Foi lançada recentemente a coleção de ensaios de Gilberto Velho Um antropólogo na cidade, organizada por seus ex-alunos Hermano Vianna, Karina Kuschnir e Celso Castro. A coletânea homenageia Gilberto um ano após a sua morte, em abril de 2012, e traz uma seleção de textos publicados anteriormente com suas principais reflexões teóricas e metodológicas sobre a antropologia urbana. Como ex-aluna e amiga, vejo nesta coletânea uma exposição valiosa de suas ideias e questionamentos, que revela a importância deste que foi um dos antropólogos brasileiros mais influentes que tivemos.
Há três temas mais abrangentes – a pesquisa em meio urbano, o indivíduo e suas vivências nas sociedades complexas e a questão dos comportamentos ‘desviantes’ – presentes em vários ensaios, que justificam tratá-los em conjunto. O primeiro deles é abordado a partir de uma indagação que Gilberto fazia constantemente: o que significa fazer pesquisa em uma grande cidade e principalmente na sua própria cidade? Quais os desafios e problemas do estudo do meio urbano, enfrentados no caso de uma pesquisa antropológica, na qual se espera que o pesquisador conviva mais intensamente com o grupo estudado?
Longe de imaginar qualquer possibilidade de imparcialidade, ele defendia que a própria posição social do pesquisador em sua sociedade interferia no modo de ver o mapa social da cidade e, por sua vez, na relação com os diversos grupos com os quais tem contato em graus variados. Daí, portanto, a necessidade de estranhar o familiar, de compreender esse mapa social não apenas como um viés presente na pesquisa de campo, mas também como mais um elemento a ser analisado. Pois a relação do pesquisador com os grupos de pesquisa seria mais um exemplo de como se dão as relações sociais em uma grande cidade, nas sociedades complexas.
Para pensar essas relações – segundo tema tratado no livro –, Gilberto recorreu a um conjunto de conceitos, cujas origens vinham tanto da sociologia de Georg Simmel (1858-1918) e dos interacionistas simbólicos americanos quanto da fenomenologia de Alfred Schutz (1899-1959), entendidos à luz de suas preocupações com a sociedade brasileira.
A ideia de complexidade referia-se tanto ao contraste com as sociedades tradicionalmente estudadas pelos antropólogos, relativamente isoladas e homogêneas, quanto à heterogeneidade resultante da divisão social de trabalho e da estratificação social, particularmente acentuada no meio urbano.
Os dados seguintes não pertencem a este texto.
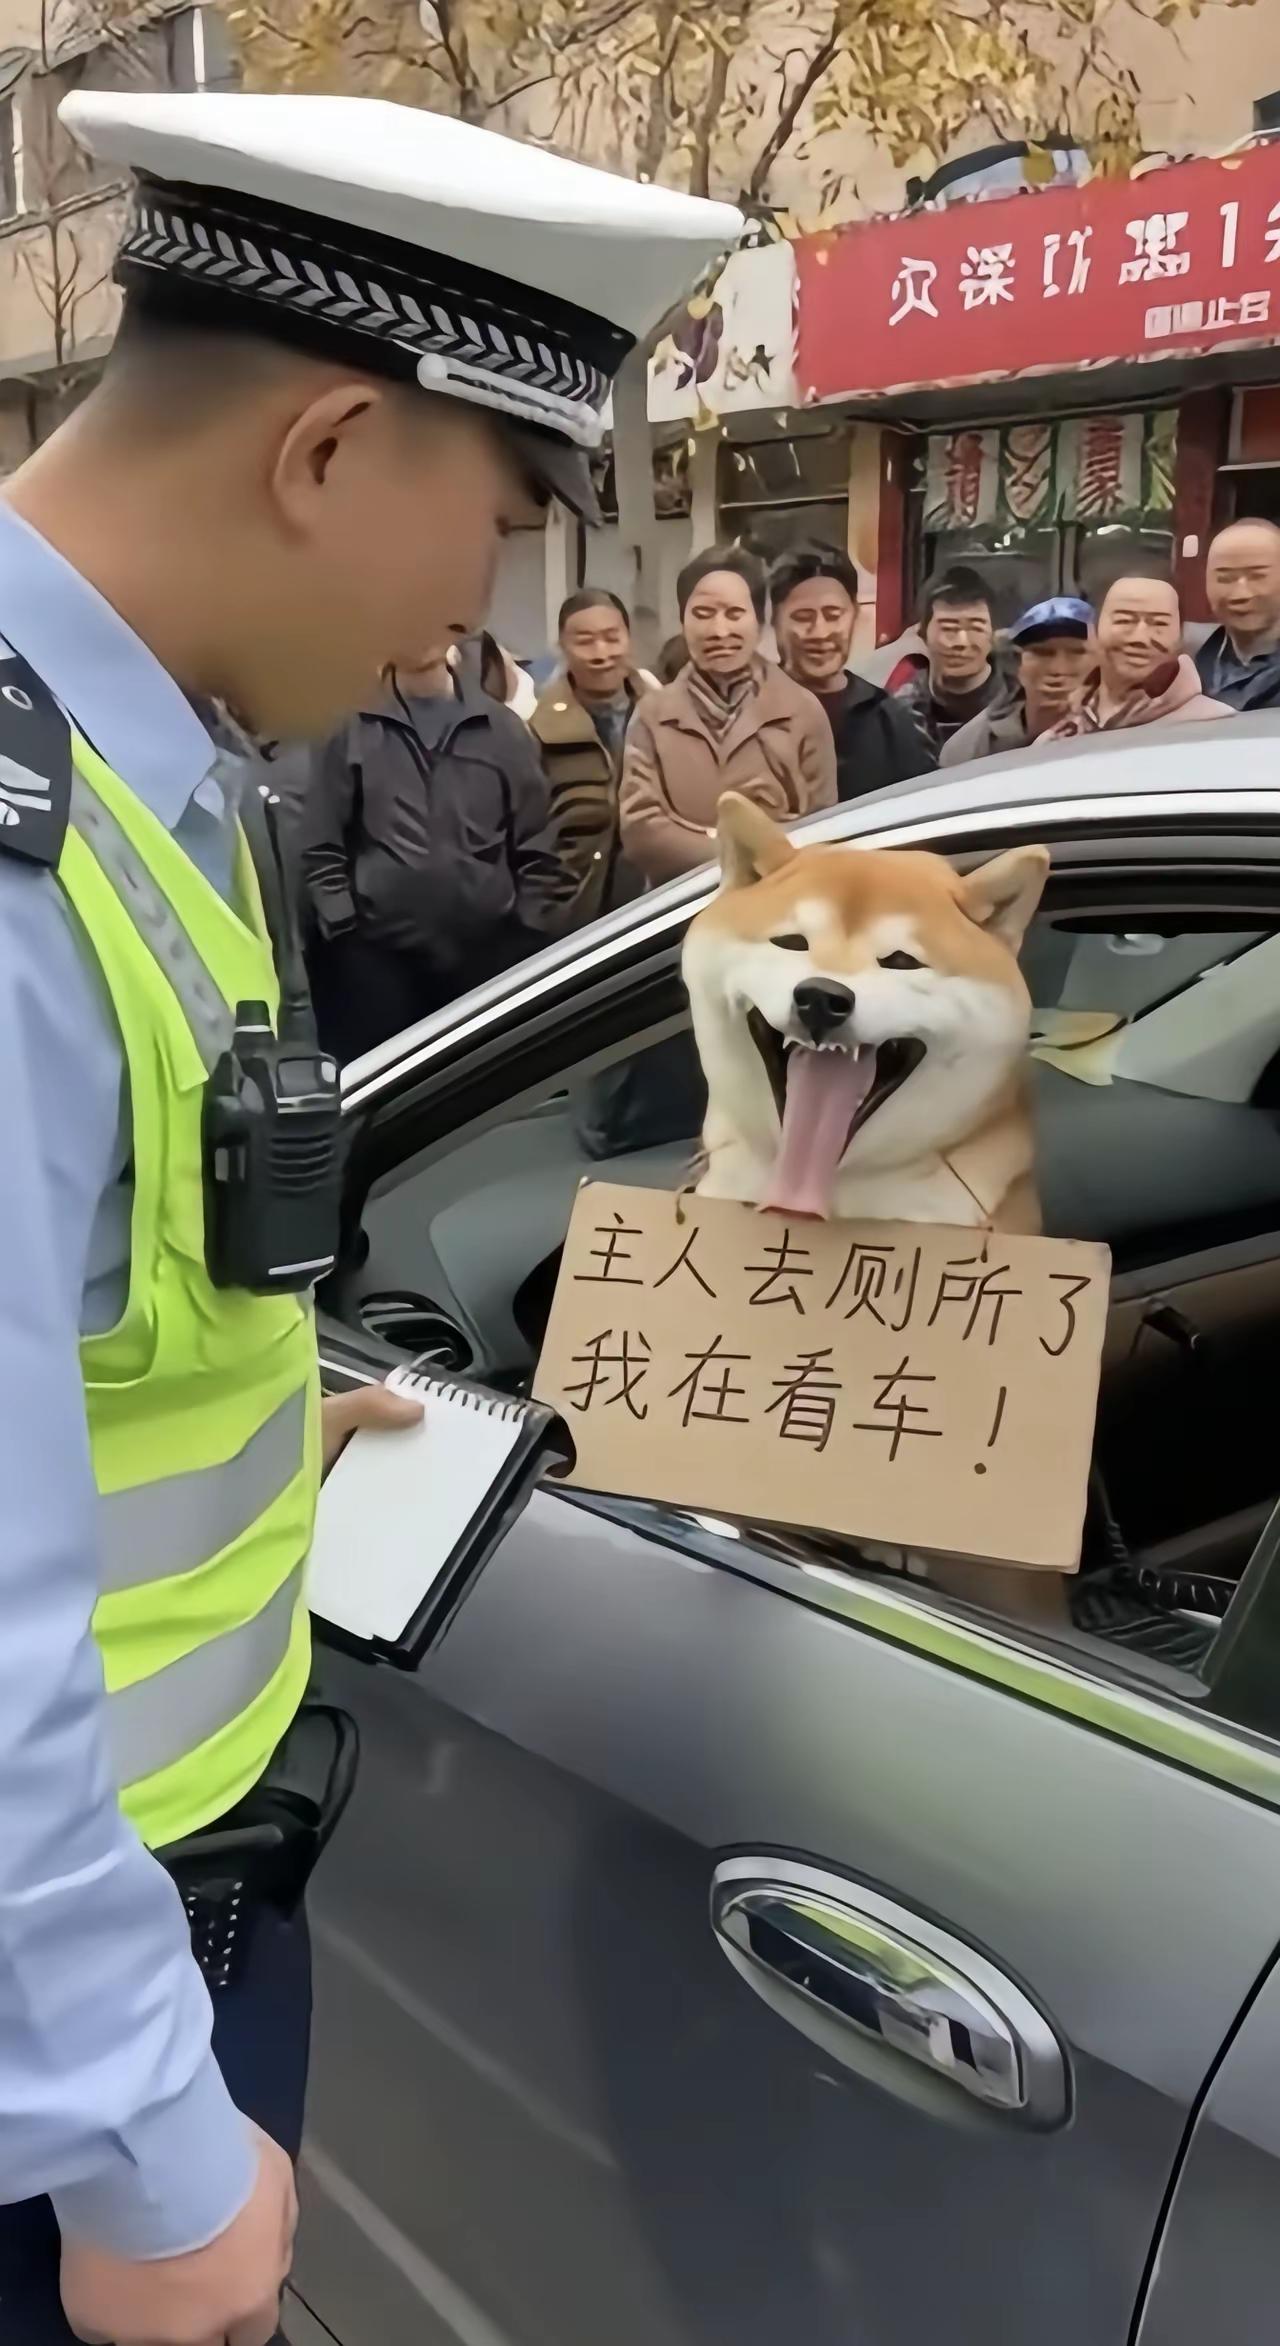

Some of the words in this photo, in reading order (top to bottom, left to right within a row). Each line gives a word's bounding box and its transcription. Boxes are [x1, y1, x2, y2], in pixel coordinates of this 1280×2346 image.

[573, 1211, 1092, 1357] 主人去厕所了
[562, 1328, 1007, 1475] 我在看车！
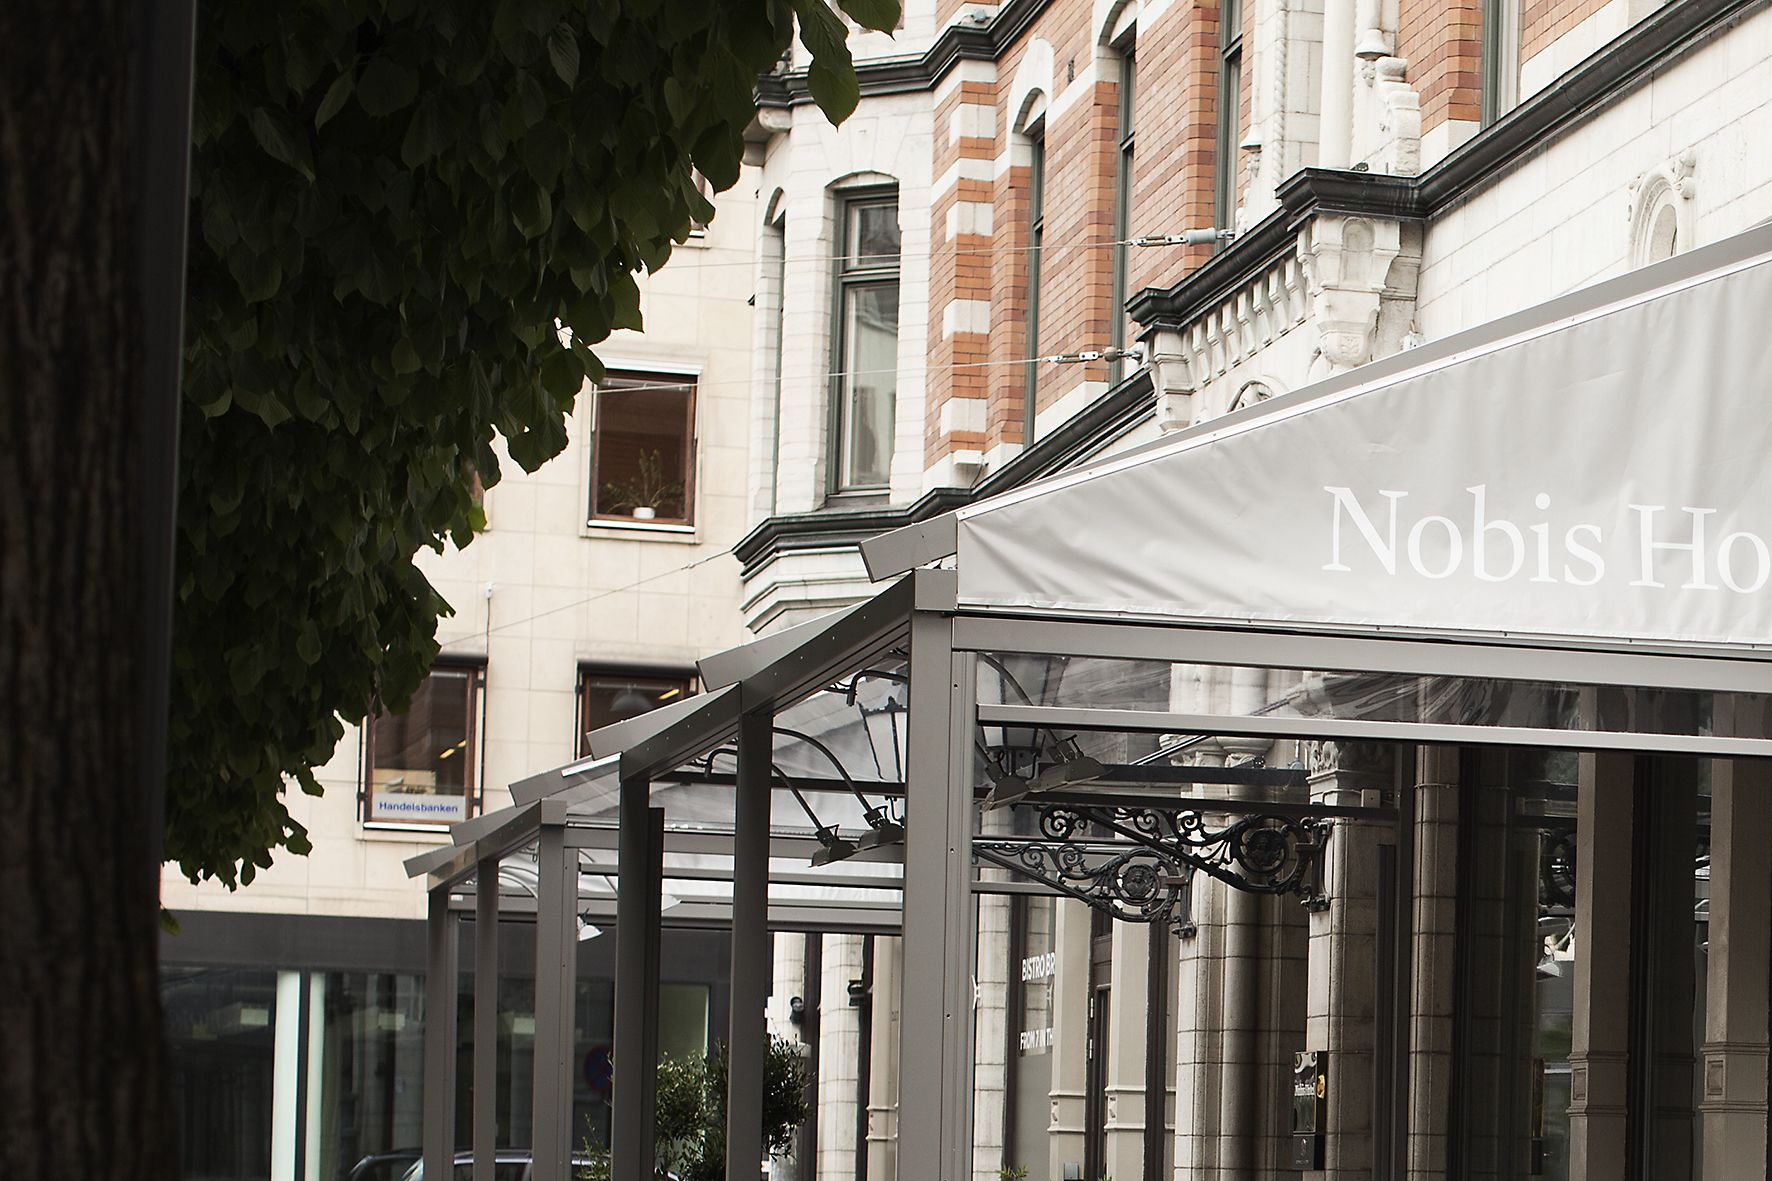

Nas sociedades complexas, afirmava ele, coexistem diversos grupos sociais, com estilos de vida, visões de mundo e códigos distintos – regras de comportamento e formas de linguagem específicas, que muitas vezes apresentam fronteiras relativamente bem demarcadas.
Por isso, não faria sentido falar em uma cultura comum a todos, pressupondo aí o compartilhamento de valores, noções e comportamentos por toda uma sociedade. Antes, caberia ao antropólogo perguntar: “O que pode ser comunicado? Como as experiências podem ser partilhadas? Como a realidade pode ser negociada e quais são os limites para a manipulação de símbolos?”.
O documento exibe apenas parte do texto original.